STUDY MATERIAL |
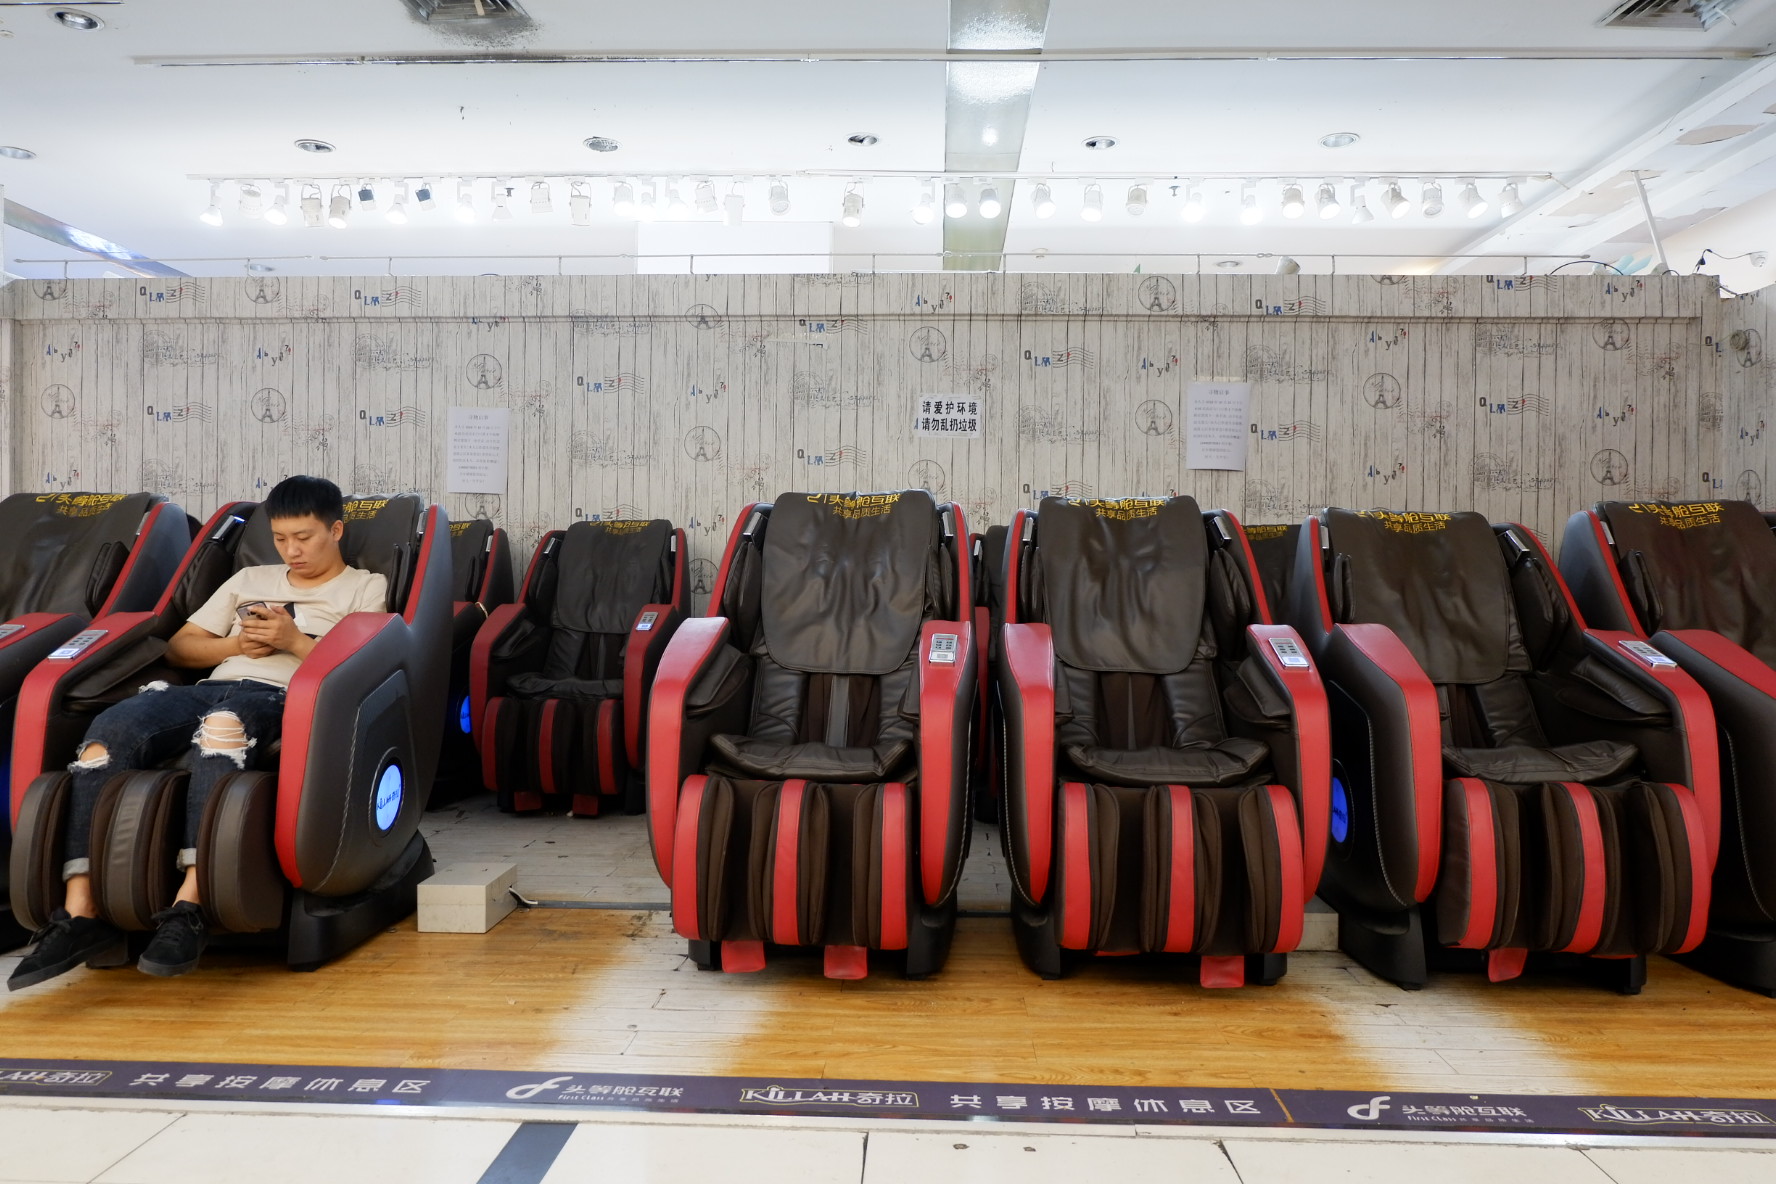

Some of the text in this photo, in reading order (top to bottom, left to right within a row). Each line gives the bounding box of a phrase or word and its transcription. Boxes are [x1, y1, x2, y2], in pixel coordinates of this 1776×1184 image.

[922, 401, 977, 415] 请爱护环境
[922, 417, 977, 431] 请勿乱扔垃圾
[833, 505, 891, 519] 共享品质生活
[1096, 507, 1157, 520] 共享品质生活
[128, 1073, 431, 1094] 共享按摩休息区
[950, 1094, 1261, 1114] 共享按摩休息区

WHAT TO DO | The entries are to be reproduced exactly, excluding any pictures they contain.

ANSWER SECTION |
Some of the text in this photo, in reading order (top to bottom, left to right within a row). Each line gives the bounding box of a phrase or word and its transcription. Boxes are [x1, y1, x2, y2], in pixel coordinates of this 1776×1184 image.

[922, 401, 977, 415] 请爱护环境
[922, 417, 977, 431] 请勿乱扔垃圾
[833, 505, 891, 519] 共享品质生活
[1096, 507, 1157, 520] 共享品质生活
[128, 1073, 431, 1094] 共享按摩休息区
[950, 1094, 1261, 1114] 共享按摩休息区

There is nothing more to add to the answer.